Accumulation of plastic is a global problem, with plastic buildup occurring in the environment and even in organisms. Finding strategies to remediate plastic is necessary to shorten its half-life and prevent environmental issues. A wide variety of esterase enzymes have been discovered and developed to break down polyethylene terephthalate (PET) plastic, offering a sustainable, biological route for plastic remediation and potentially recycling. Our research sought to produce and characterize several of these enzymes, with the goal of comparing performance and being able to make more protein as needed for future experiments. Our focus was on making and producing leaf-compost cutinase (LCC) and PES-HY, as our research laboratory has not worked with them previously. Genes that encoded for each protein were ordered and cloned into inducible plasmids for production in E. coli.
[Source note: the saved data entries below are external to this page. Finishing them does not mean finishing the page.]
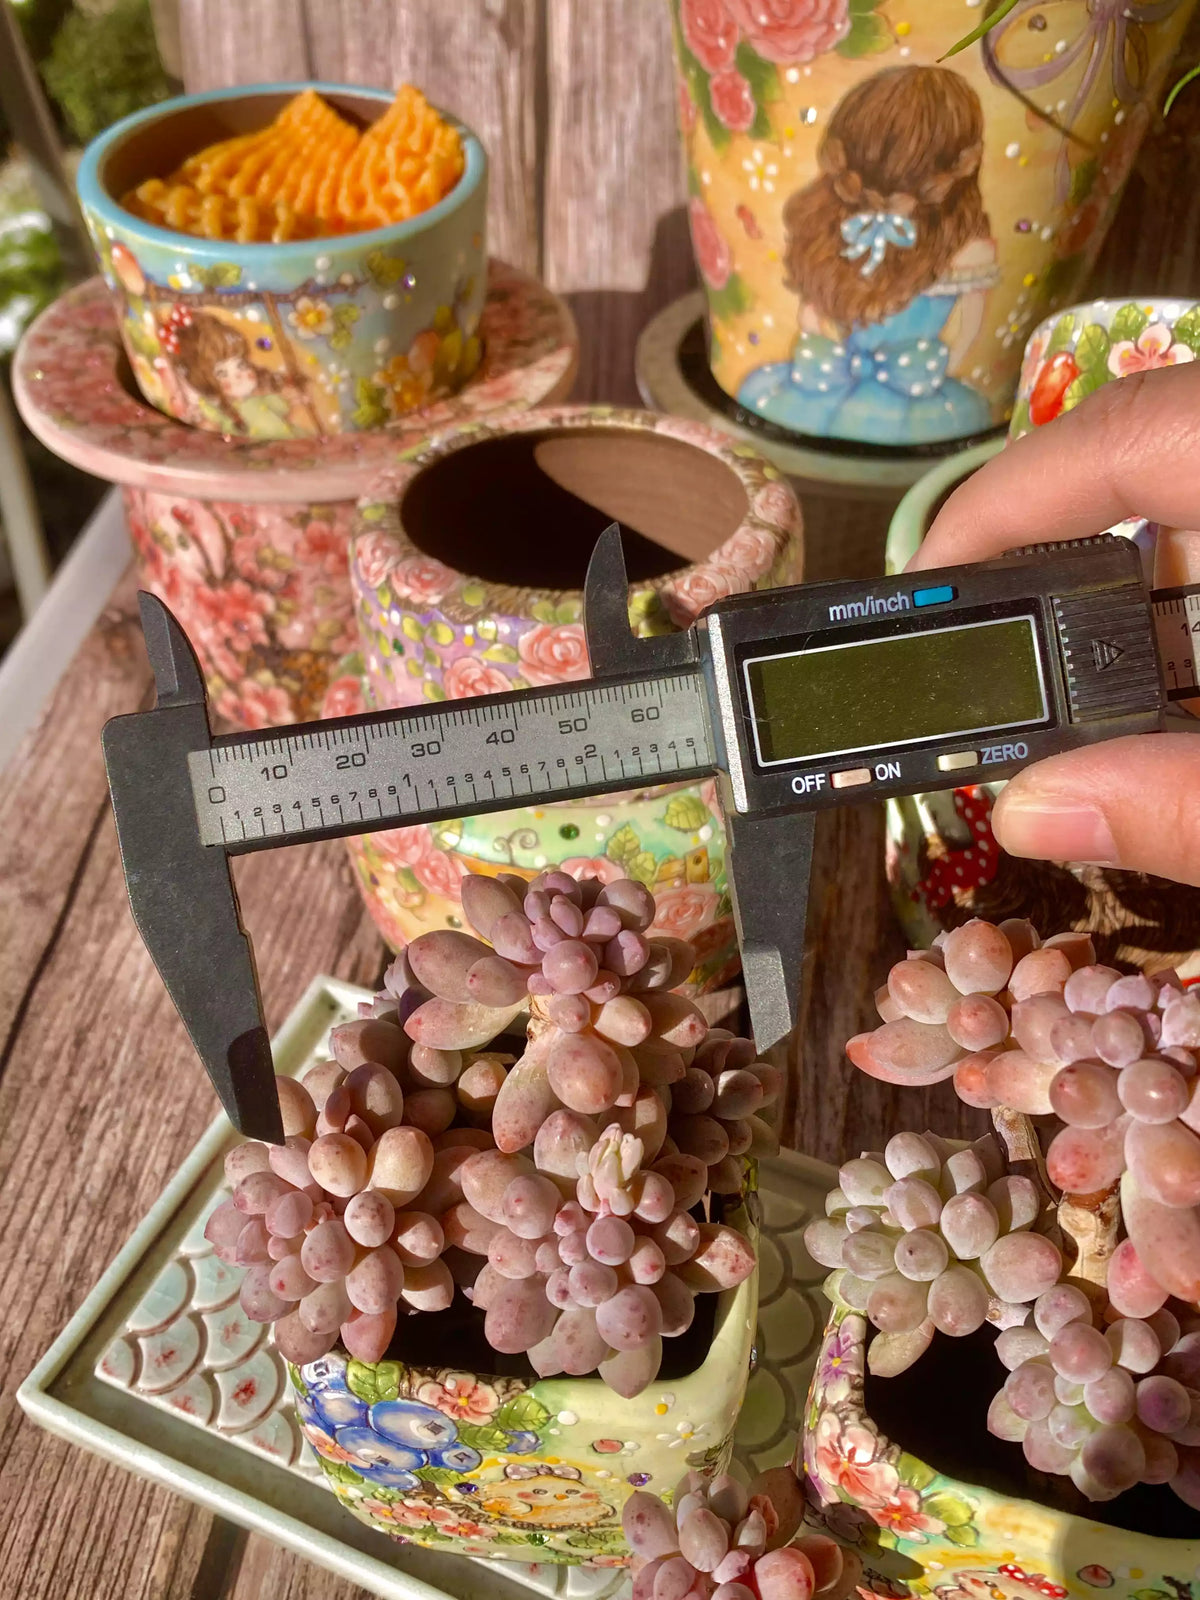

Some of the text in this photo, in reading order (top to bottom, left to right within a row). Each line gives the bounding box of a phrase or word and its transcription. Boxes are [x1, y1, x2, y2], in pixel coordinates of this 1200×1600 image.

[828, 591, 911, 621] mm/inch
[1167, 658, 1192, 671] 2 3
[208, 706, 660, 804] 0 10 20 30 40 50 60
[253, 807, 263, 817] 2
[272, 804, 282, 813] 3
[292, 801, 301, 810] 4
[311, 797, 321, 807] 5
[331, 795, 340, 804] 6
[348, 791, 357, 801] 7
[368, 789, 377, 798] 8
[387, 785, 397, 795] 9
[446, 776, 455, 786] 2
[464, 773, 474, 782] 3
[483, 770, 492, 779] 4
[502, 767, 511, 776] 5
[520, 764, 529, 773] 6
[538, 761, 546, 771] 7
[556, 759, 565, 768] 8
[575, 755, 584, 765] 9
[584, 744, 598, 758] 2
[631, 746, 640, 756] 2
[650, 744, 658, 753] 3
[668, 741, 676, 750] 4
[686, 737, 695, 747] 5
[791, 742, 1028, 794] OFF ON ZERO
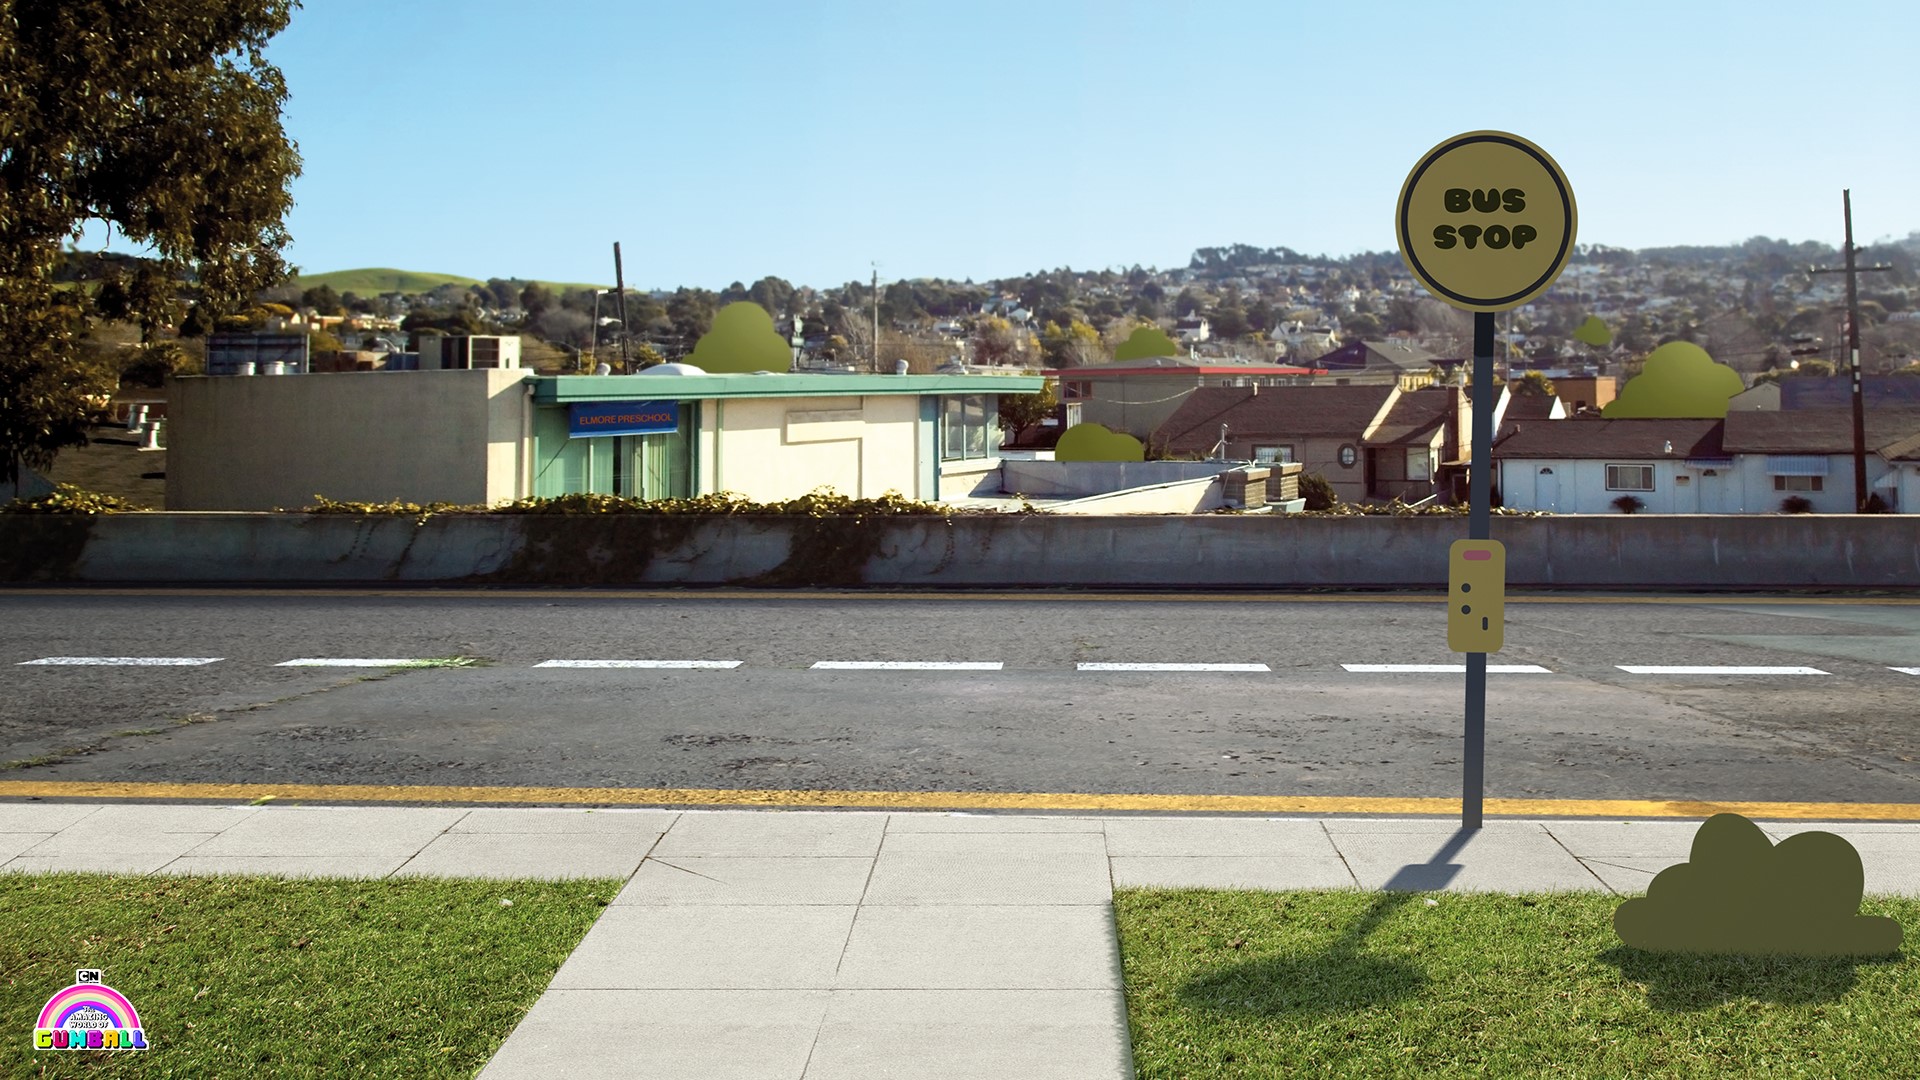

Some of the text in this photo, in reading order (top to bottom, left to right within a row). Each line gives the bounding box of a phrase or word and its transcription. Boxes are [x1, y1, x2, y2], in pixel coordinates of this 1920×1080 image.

[1444, 188, 1526, 213] BUS
[1433, 224, 1537, 250] STOP
[579, 413, 672, 425] ELMORE PRESCHOOL
We evaluated growth medium, strain, and production time to find those that maximized expression, finding that 5 hours of production using the strain BL21(DE3) was best for LCC and PES-HY. Proteins were made and purified prior to further activity assessment. Along with LCC and PES-HY, we tested the variants Hot PETase, FAST PETase, and commercially available Humicola isolens cutinase (HiC). We determined the Michaelis-Menten kinetic parameters on the soluble, colorimetric substrate 4-nitrophenyl acetate. Further, we measured soluble products produced over time based on the degradation of plastic films. Taken together, this study has shown how we can vary culture and reaction conditions to maximize enzyme production and activity. By experimenting with the different types of esterase enzymes, growth medium, and production time, we have taken steps to improve the processes of plastic remediation. With a better understanding of the production and activity of these enzymes, global plastic accumulation may soon become an issue of the past.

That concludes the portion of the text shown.